Tackling the scalability constraints of digital twins
Digital twins are virtual models of real life assets or production operations. They can be powerful weapons in the emerging armory of the Industry 4.0, helping operators to spot problems, optimize performance and test proposed changes without disrupting physical operations. But digital twins face a major hurdle in terms of scalability when it comes to implementing site-wide condition monitoring to enable predictive maintenance. For many organizations, this makes an alternative approach based on machine learning far more practical and cost-effective.
It’s increasingly common for OEMs to deliver critical production machinery complete with built-in self-monitoring systems. However, many manufacturers and process operators are looking to go beyond monitoring individual critical assets and deploy condition monitoring and predictive maintenance across their entire operations.
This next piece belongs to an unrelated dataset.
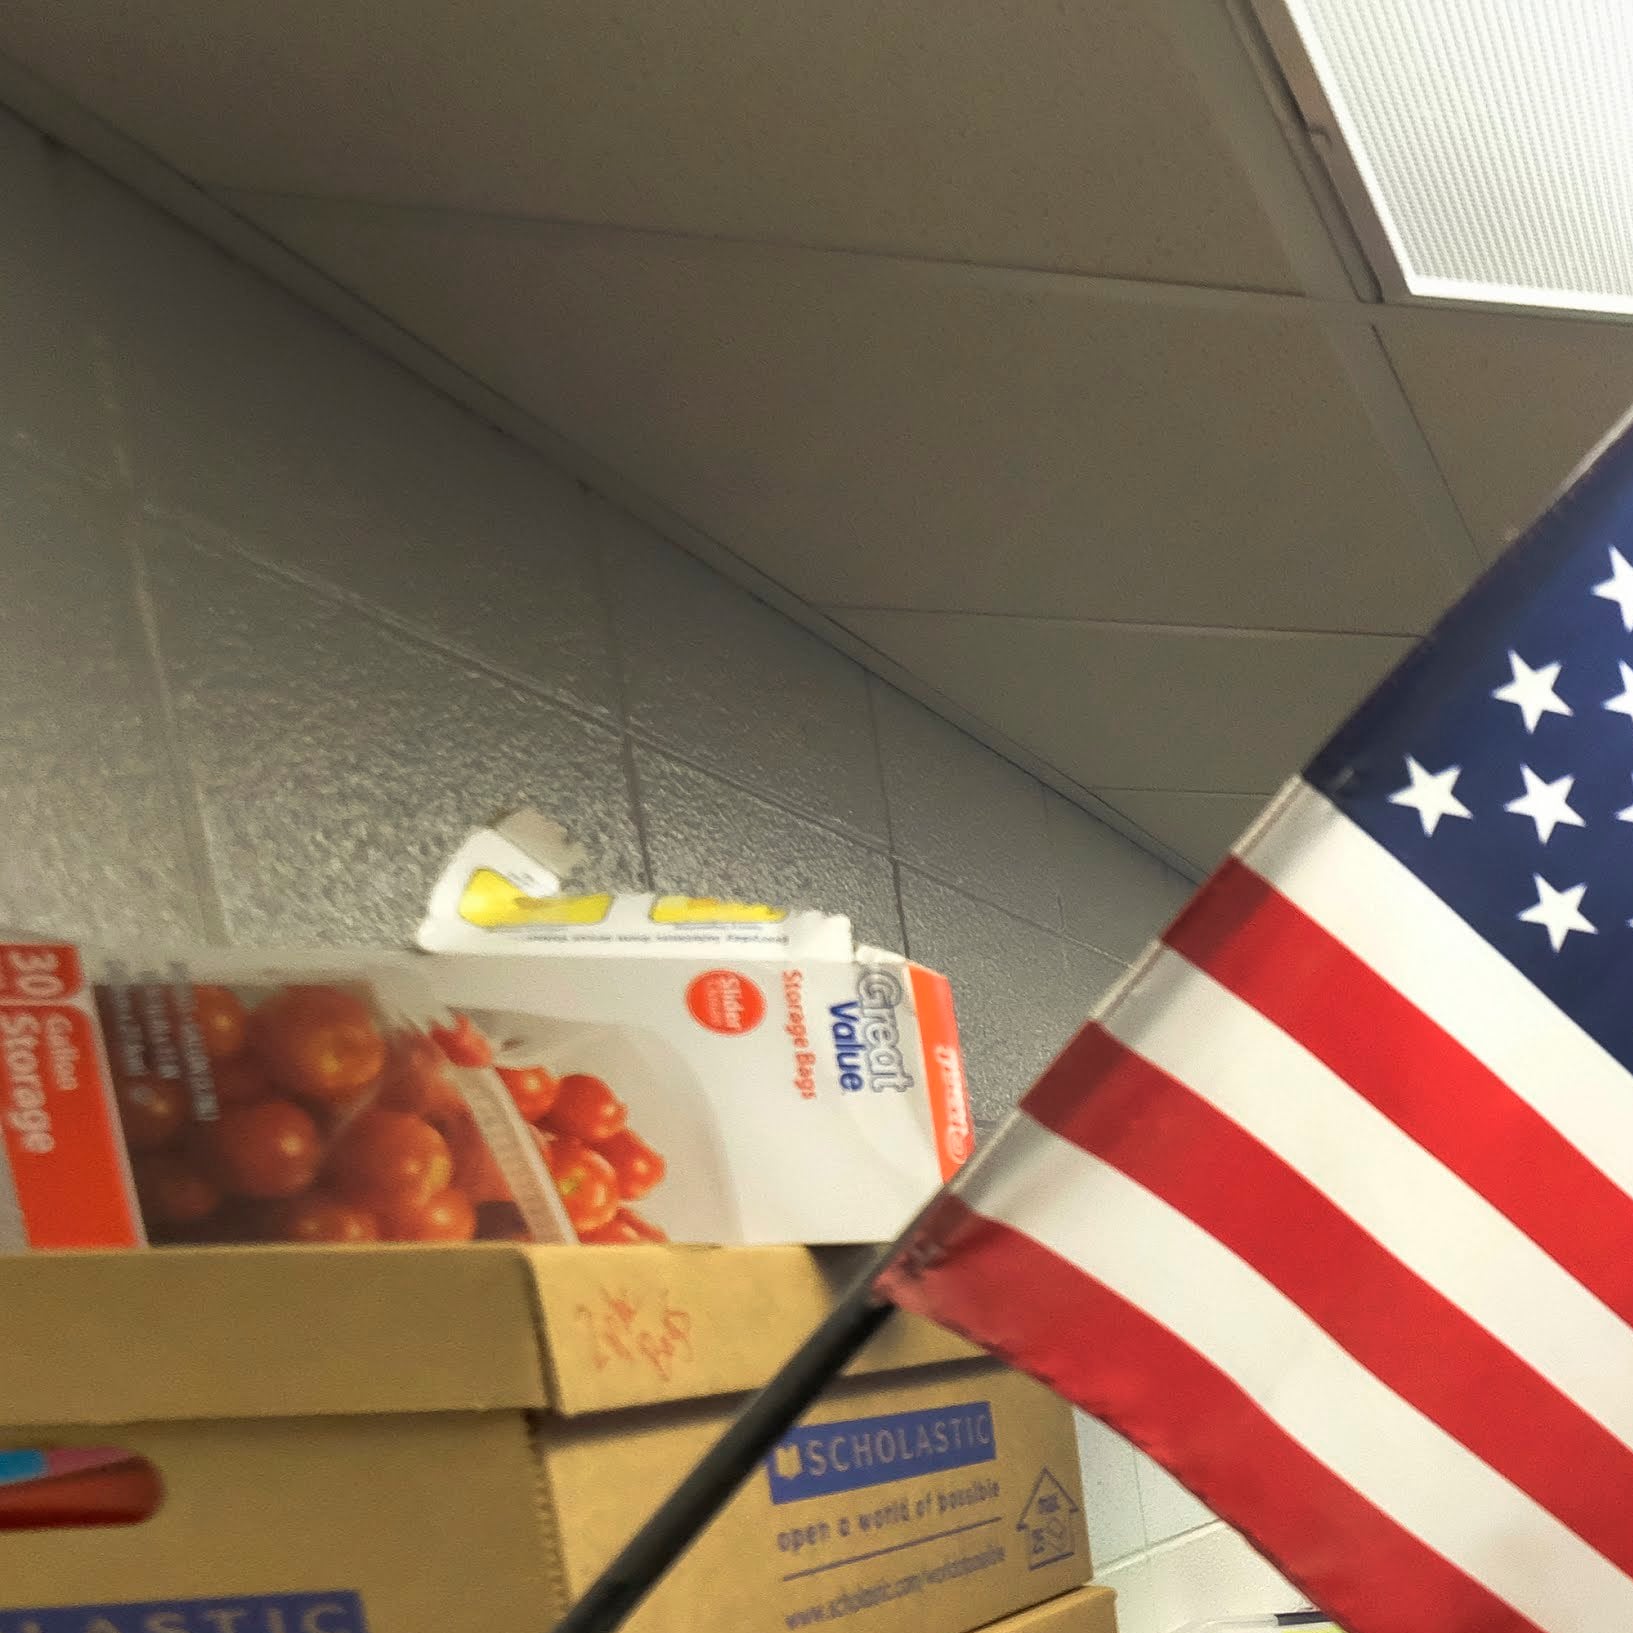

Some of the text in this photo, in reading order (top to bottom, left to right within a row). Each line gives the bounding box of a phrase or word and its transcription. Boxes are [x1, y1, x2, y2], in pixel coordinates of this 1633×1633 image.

Building a digital twin of an entire factory or process plant is a big challenge. Most factories and processes include a wide variety of assets that interact and impact on one another in complex ways. So creating a useful plant-wide digital twin is far beyond the ability of a ready-made, off-the-shelf solution. Instead, plant operators must invest a huge amount of time and resources upfront to create a customized model. With pressure on budgets and skills, this often means that the sums simply don’t add up.
And the challenges don’t end there. A digital twin needs updating every time physical or operational changes are made to the corresponding equipment, potentially piling steep operating costs on top of the initial outlay.
There is another way. A cloud-based, software-as-a-service solution using Senseye’s proprietary algorithms and machine learning can be rolled out successfully across any size of operation, becoming even more cost-effective per machine as more assets are included.
Senseye can take monitoring information from existing sensors and other sources, so there’s minimal on-site disruption. It combines that with maintenance information to monitor the condition of assets and make reliable predictions about their remaining useful life (RUL) – a process known as prognostics. Once in place, Senseye’s algorithms start learning right away and take just 14 days to start delivering meaningful insight about when to carry out maintenance in order to prevent unplanned downtime. Better still, Senseye keeps on learning and becomes even more helpful over time.
This approach breaks down the cost barriers that have prevented traditional condition monitoring solutions from being applied to all but the most critical assets. It’s also much more scalable and cost-effective than some of the other new Industry 4.0 approaches at delivering site-wide solutions – and that includes digital twins.
Senseye may be at the leading edge but that doesn’t mean it’s unproven. Users can typically expect to enjoy a 50% reduction in unplanned machine downtime, 55% more productivity from their maintenance staff and an 85% improvement in the accuracy of their downtime forecasting.